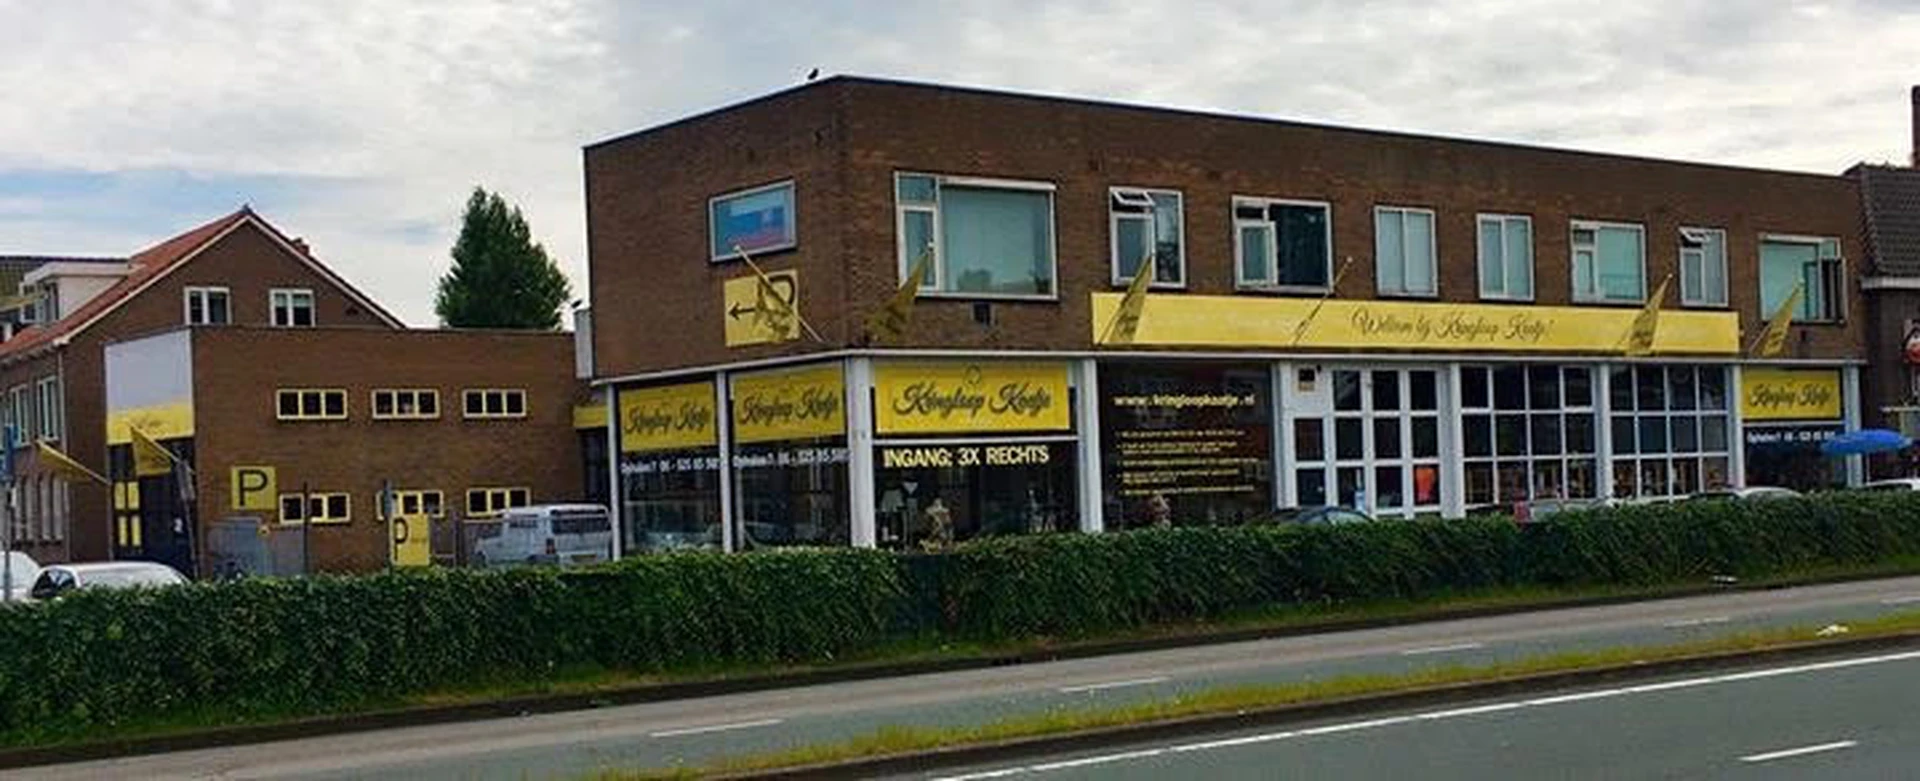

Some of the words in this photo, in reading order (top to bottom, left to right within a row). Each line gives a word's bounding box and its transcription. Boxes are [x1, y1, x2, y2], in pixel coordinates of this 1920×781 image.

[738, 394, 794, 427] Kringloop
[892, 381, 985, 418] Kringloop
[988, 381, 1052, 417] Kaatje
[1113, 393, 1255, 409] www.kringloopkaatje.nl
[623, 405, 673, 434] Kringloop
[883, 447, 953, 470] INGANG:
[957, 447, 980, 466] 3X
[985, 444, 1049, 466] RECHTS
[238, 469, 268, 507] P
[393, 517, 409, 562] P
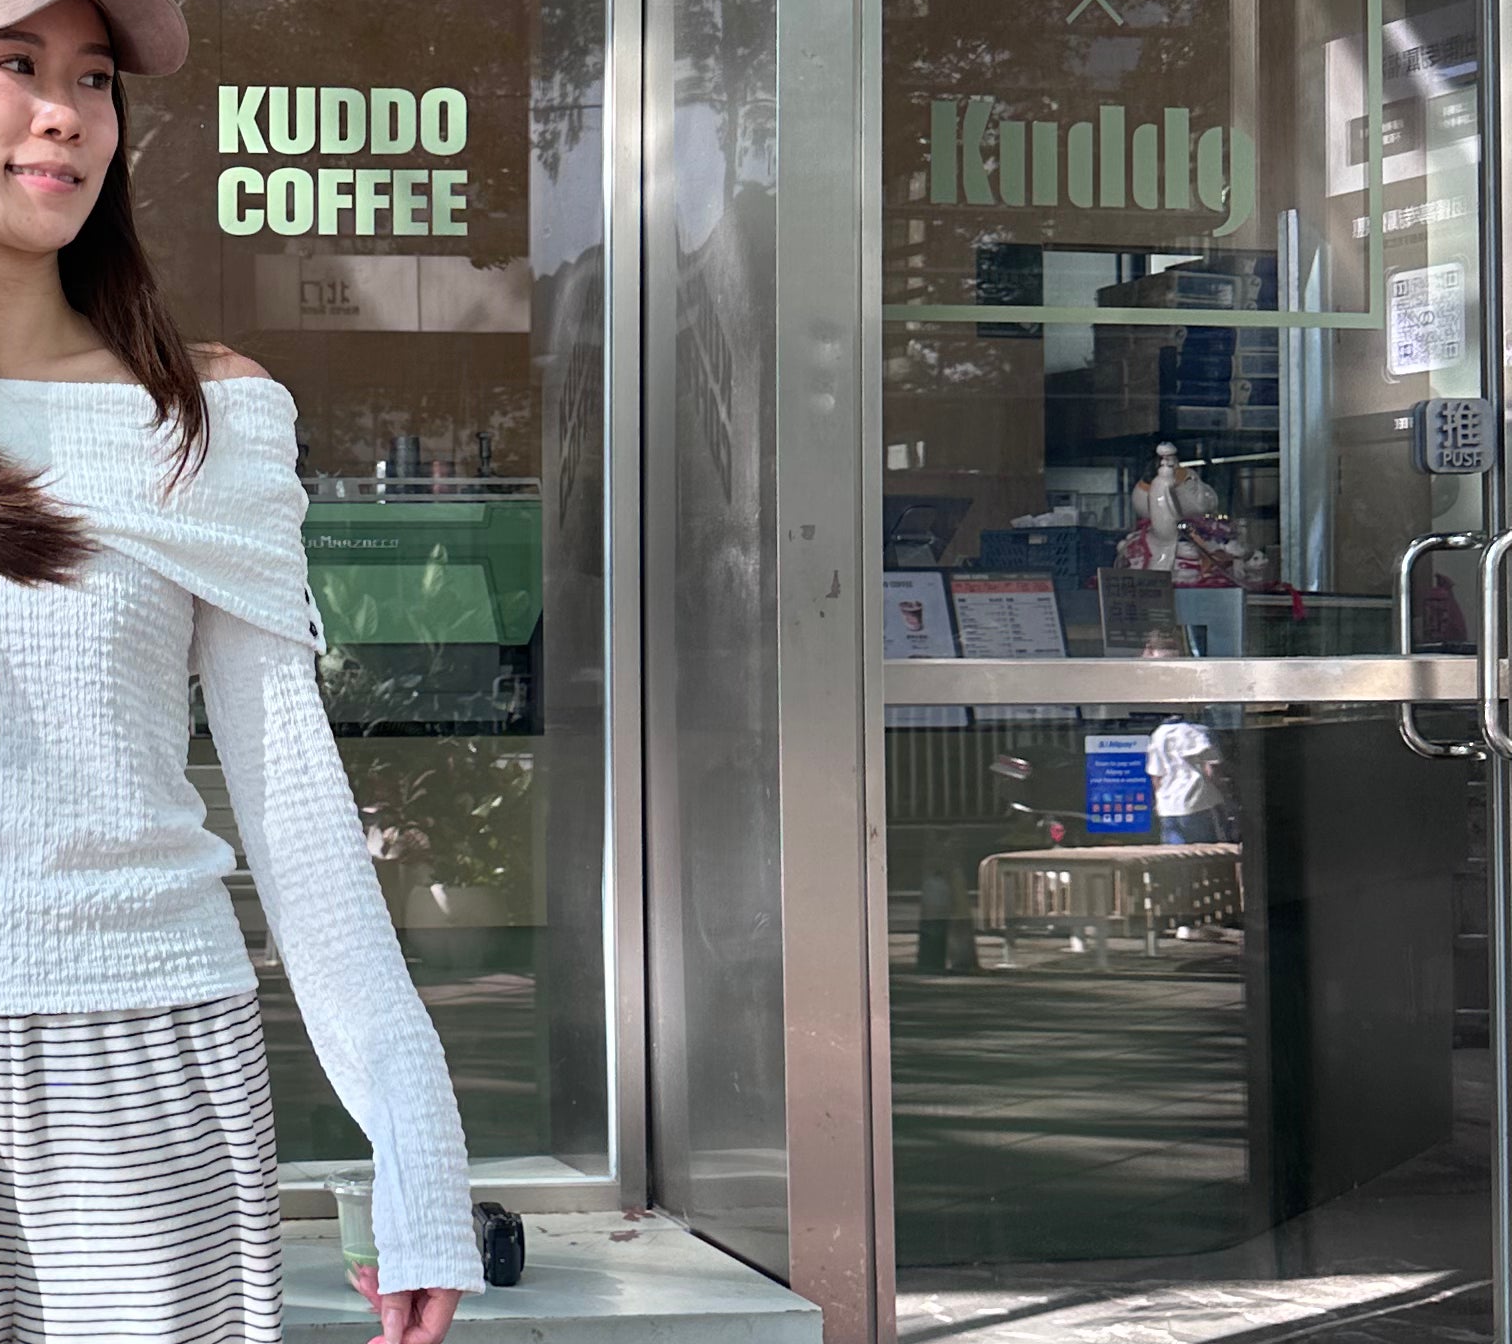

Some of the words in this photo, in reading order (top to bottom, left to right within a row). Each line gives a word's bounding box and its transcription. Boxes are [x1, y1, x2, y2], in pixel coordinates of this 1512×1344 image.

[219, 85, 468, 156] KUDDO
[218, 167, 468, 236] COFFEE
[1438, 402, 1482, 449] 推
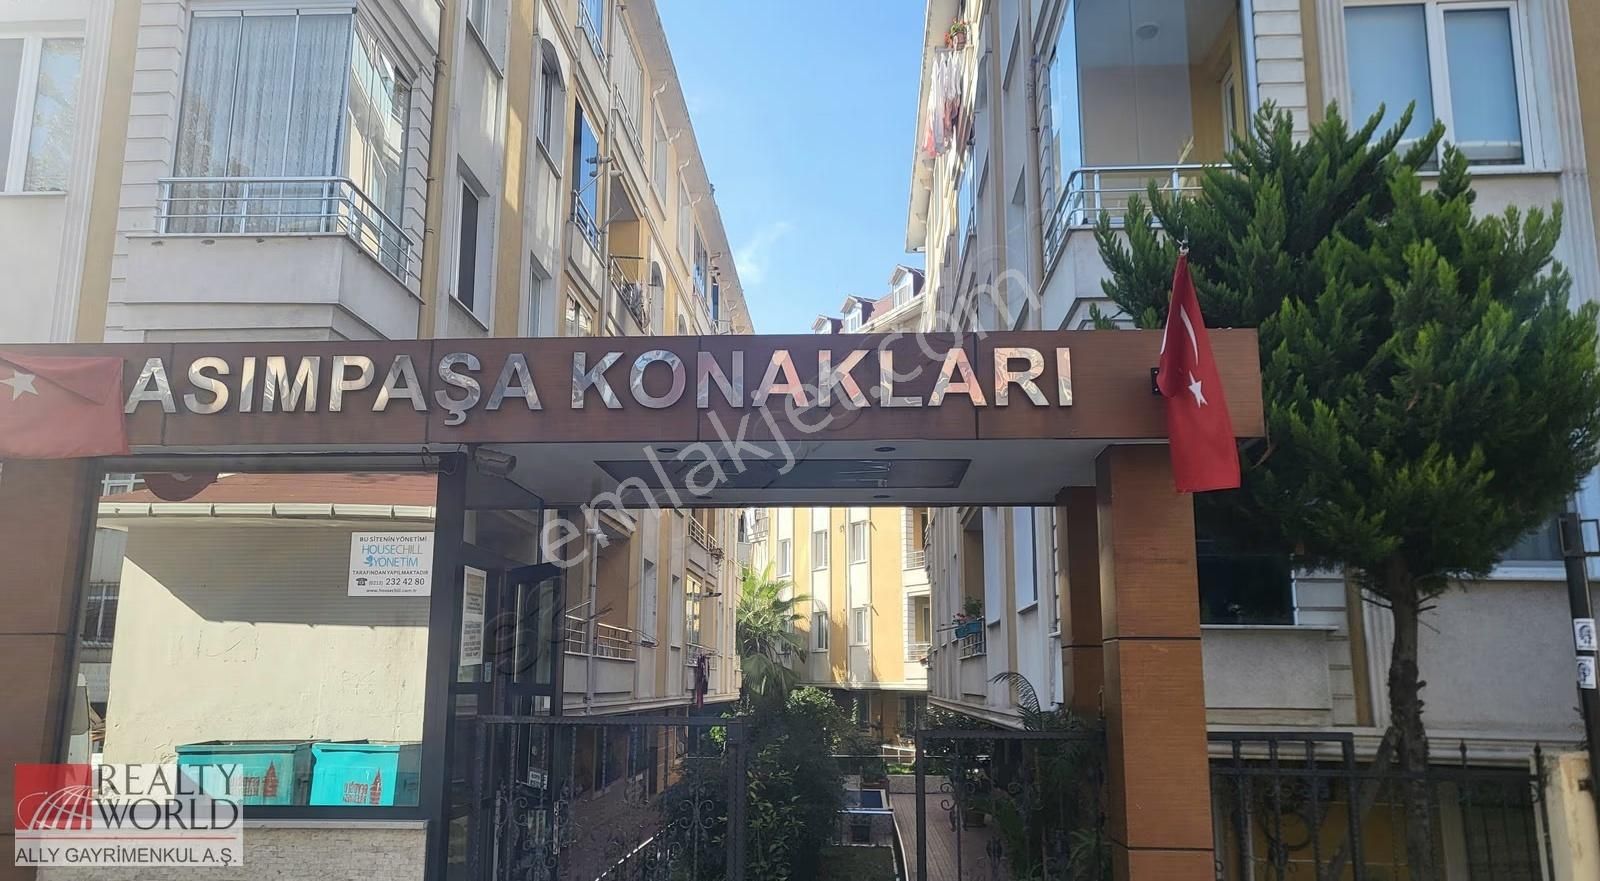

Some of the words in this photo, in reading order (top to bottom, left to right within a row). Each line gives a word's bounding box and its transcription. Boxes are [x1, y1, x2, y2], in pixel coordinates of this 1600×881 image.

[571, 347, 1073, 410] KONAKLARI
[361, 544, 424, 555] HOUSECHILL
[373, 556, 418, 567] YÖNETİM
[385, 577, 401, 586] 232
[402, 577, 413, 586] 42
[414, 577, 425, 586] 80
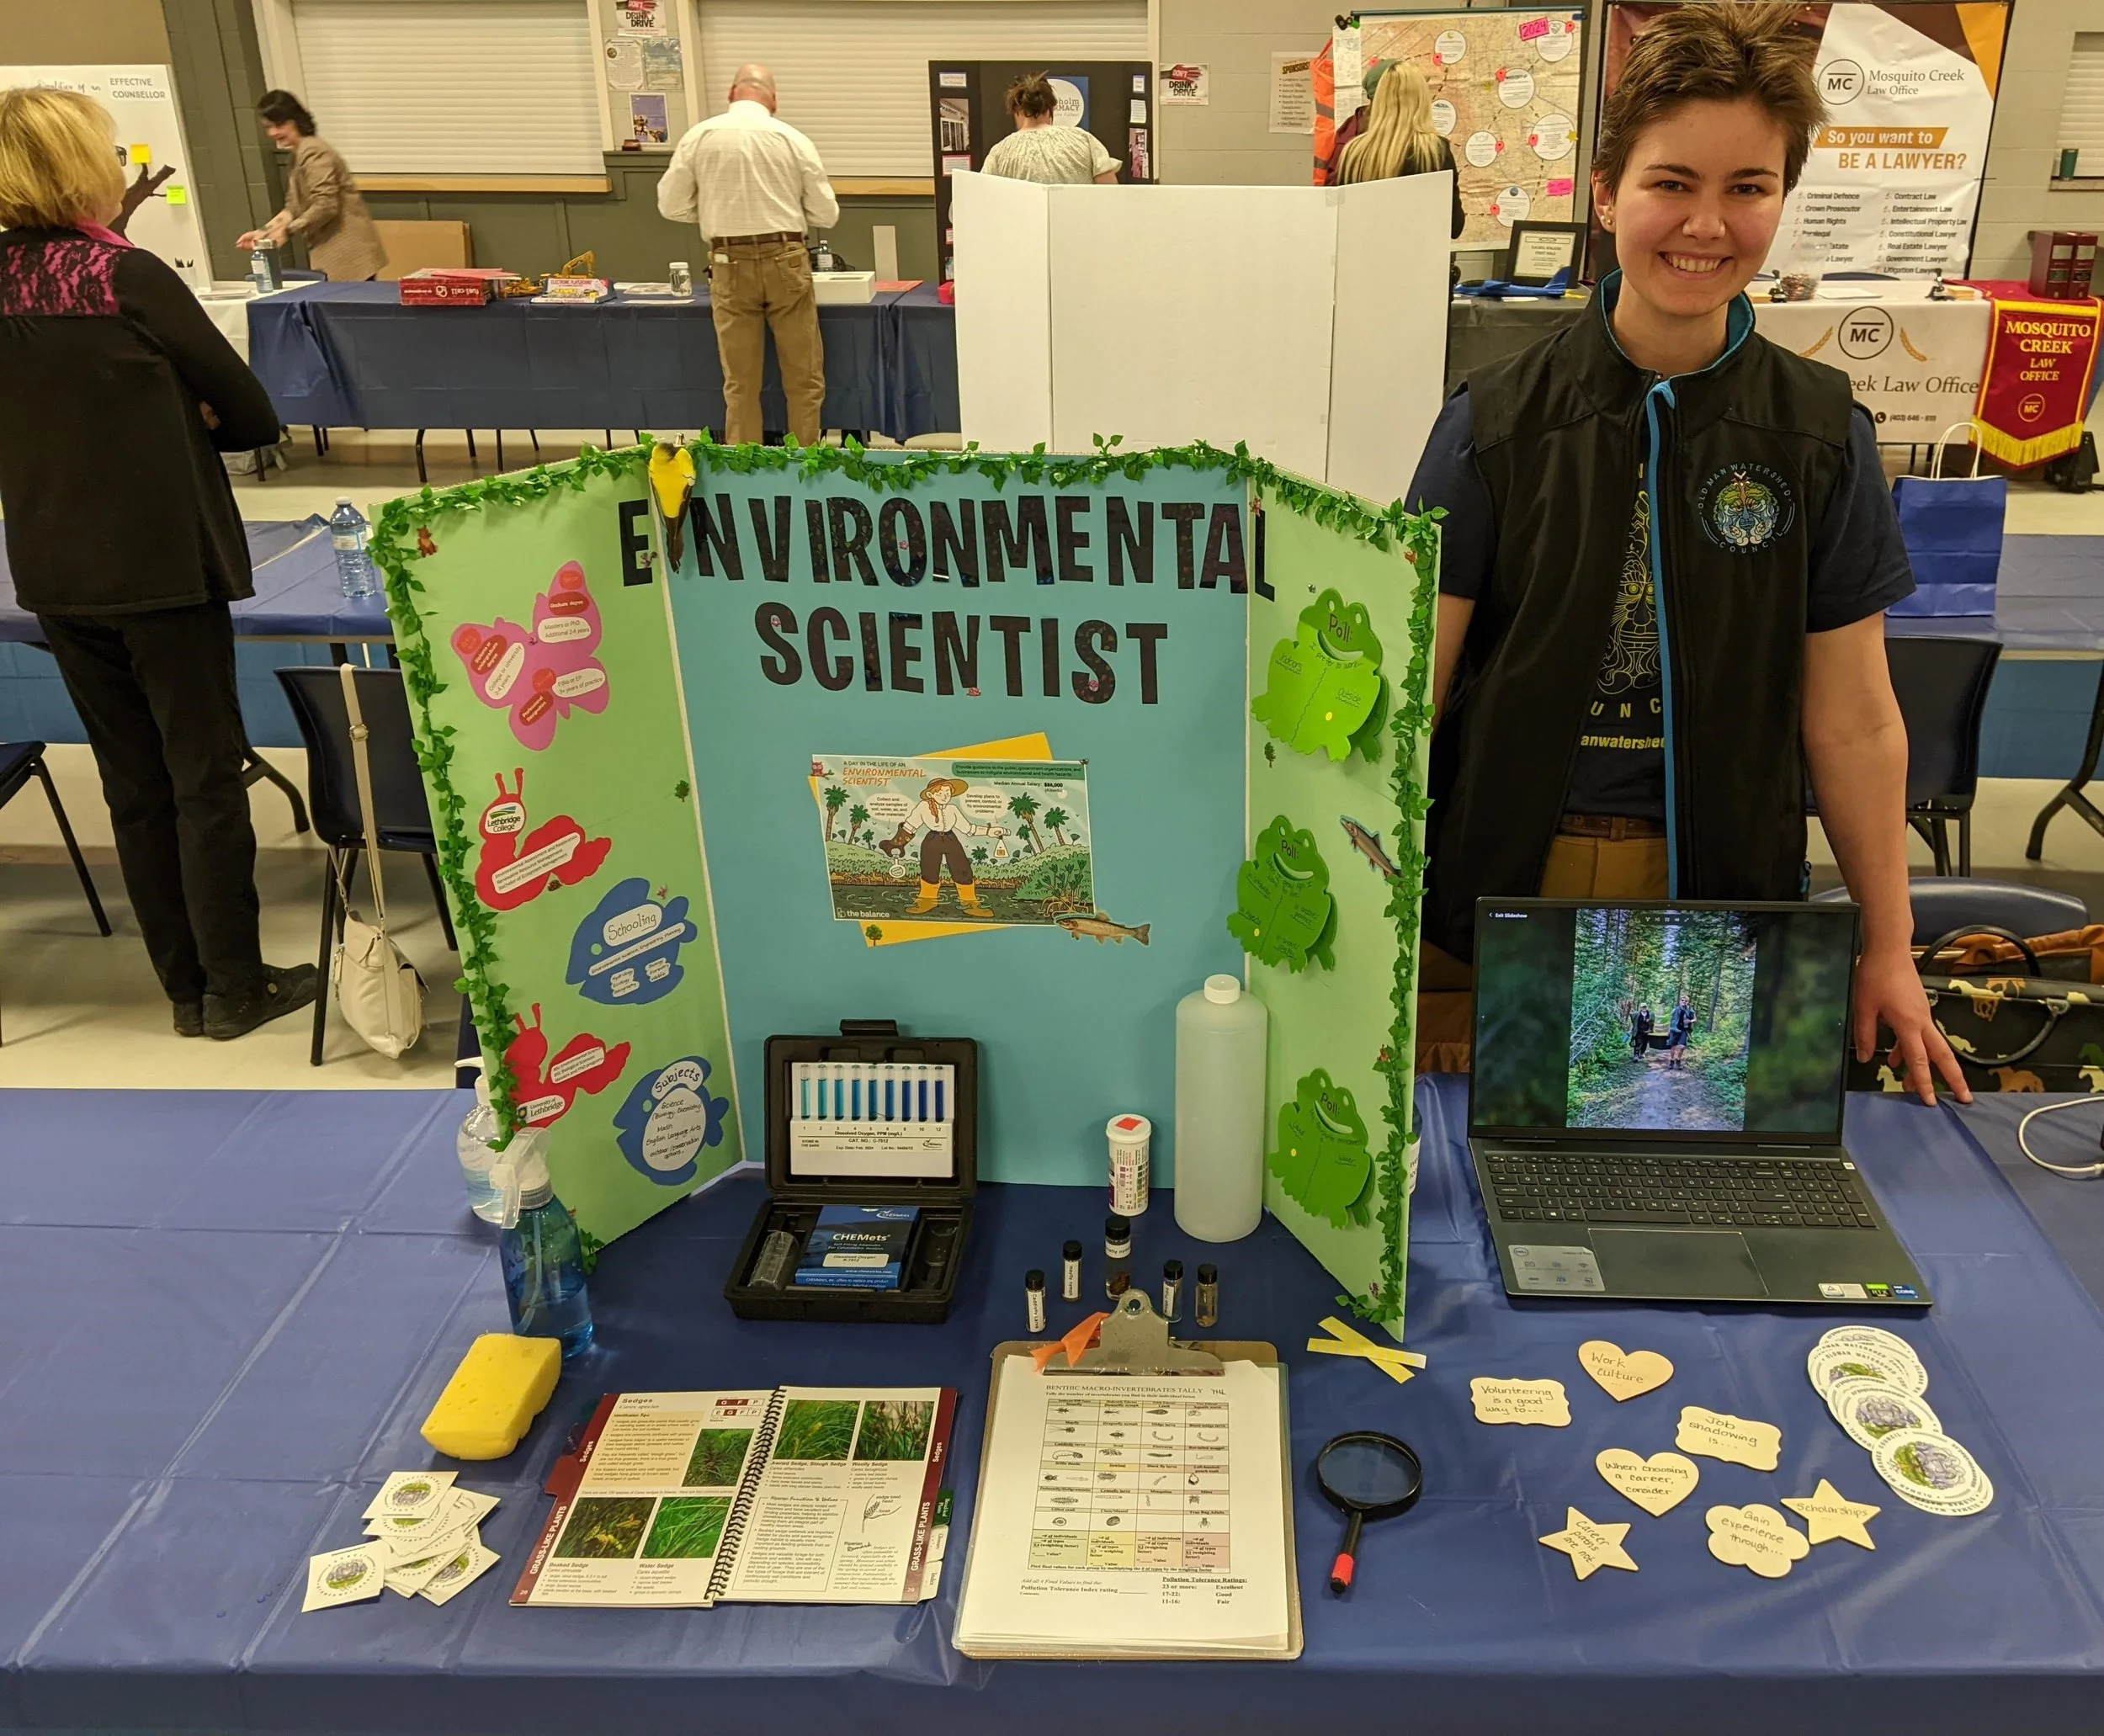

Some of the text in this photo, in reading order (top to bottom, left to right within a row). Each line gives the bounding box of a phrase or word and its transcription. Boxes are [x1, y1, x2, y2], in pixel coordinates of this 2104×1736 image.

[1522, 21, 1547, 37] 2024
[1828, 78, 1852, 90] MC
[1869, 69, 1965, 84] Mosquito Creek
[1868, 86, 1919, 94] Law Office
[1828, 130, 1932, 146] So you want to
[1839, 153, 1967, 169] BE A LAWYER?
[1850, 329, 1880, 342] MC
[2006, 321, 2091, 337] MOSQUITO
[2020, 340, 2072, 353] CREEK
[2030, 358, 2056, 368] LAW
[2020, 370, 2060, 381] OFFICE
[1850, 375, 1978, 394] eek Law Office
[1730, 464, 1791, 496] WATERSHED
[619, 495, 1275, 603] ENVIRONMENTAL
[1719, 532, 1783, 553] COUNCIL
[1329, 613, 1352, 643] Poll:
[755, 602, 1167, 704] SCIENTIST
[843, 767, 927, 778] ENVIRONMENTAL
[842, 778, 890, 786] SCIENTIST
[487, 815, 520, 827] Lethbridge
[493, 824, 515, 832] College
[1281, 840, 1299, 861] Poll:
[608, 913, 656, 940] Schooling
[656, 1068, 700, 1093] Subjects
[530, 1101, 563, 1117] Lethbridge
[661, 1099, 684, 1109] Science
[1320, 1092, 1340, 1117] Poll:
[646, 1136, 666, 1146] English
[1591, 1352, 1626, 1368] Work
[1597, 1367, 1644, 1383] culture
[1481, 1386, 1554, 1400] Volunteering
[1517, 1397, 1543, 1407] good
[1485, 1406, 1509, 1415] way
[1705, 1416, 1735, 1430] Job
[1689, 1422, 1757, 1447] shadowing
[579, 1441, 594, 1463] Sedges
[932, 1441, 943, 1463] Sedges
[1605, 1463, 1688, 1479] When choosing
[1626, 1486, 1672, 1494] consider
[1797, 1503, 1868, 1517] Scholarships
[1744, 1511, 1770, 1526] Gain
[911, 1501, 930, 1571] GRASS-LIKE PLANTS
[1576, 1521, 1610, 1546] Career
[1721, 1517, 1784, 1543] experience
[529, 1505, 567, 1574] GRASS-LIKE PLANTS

○ ○ ○ ○ ○ ○ ○

* TASK STATEMENT *
The reply must hold exactly the lines from the one containing "Some of the text" to the last line of the entries, and nothing more.

* YOUR RESPONSE *
Some of the text in this photo, in reading order (top to bottom, left to right within a row). Each line gives the bounding box of a phrase or word and its transcription. Boxes are [x1, y1, x2, y2], in pixel coordinates of this 2104×1736 image.

[1522, 21, 1547, 37] 2024
[1828, 78, 1852, 90] MC
[1869, 69, 1965, 84] Mosquito Creek
[1868, 86, 1919, 94] Law Office
[1828, 130, 1932, 146] So you want to
[1839, 153, 1967, 169] BE A LAWYER?
[1850, 329, 1880, 342] MC
[2006, 321, 2091, 337] MOSQUITO
[2020, 340, 2072, 353] CREEK
[2030, 358, 2056, 368] LAW
[2020, 370, 2060, 381] OFFICE
[1850, 375, 1978, 394] eek Law Office
[1730, 464, 1791, 496] WATERSHED
[619, 495, 1275, 603] ENVIRONMENTAL
[1719, 532, 1783, 553] COUNCIL
[1329, 613, 1352, 643] Poll:
[755, 602, 1167, 704] SCIENTIST
[843, 767, 927, 778] ENVIRONMENTAL
[842, 778, 890, 786] SCIENTIST
[487, 815, 520, 827] Lethbridge
[493, 824, 515, 832] College
[1281, 840, 1299, 861] Poll:
[608, 913, 656, 940] Schooling
[656, 1068, 700, 1093] Subjects
[530, 1101, 563, 1117] Lethbridge
[661, 1099, 684, 1109] Science
[1320, 1092, 1340, 1117] Poll:
[646, 1136, 666, 1146] English
[1591, 1352, 1626, 1368] Work
[1597, 1367, 1644, 1383] culture
[1481, 1386, 1554, 1400] Volunteering
[1517, 1397, 1543, 1407] good
[1485, 1406, 1509, 1415] way
[1705, 1416, 1735, 1430] Job
[1689, 1422, 1757, 1447] shadowing
[579, 1441, 594, 1463] Sedges
[932, 1441, 943, 1463] Sedges
[1605, 1463, 1688, 1479] When choosing
[1626, 1486, 1672, 1494] consider
[1797, 1503, 1868, 1517] Scholarships
[1744, 1511, 1770, 1526] Gain
[911, 1501, 930, 1571] GRASS-LIKE PLANTS
[1576, 1521, 1610, 1546] Career
[1721, 1517, 1784, 1543] experience
[529, 1505, 567, 1574] GRASS-LIKE PLANTS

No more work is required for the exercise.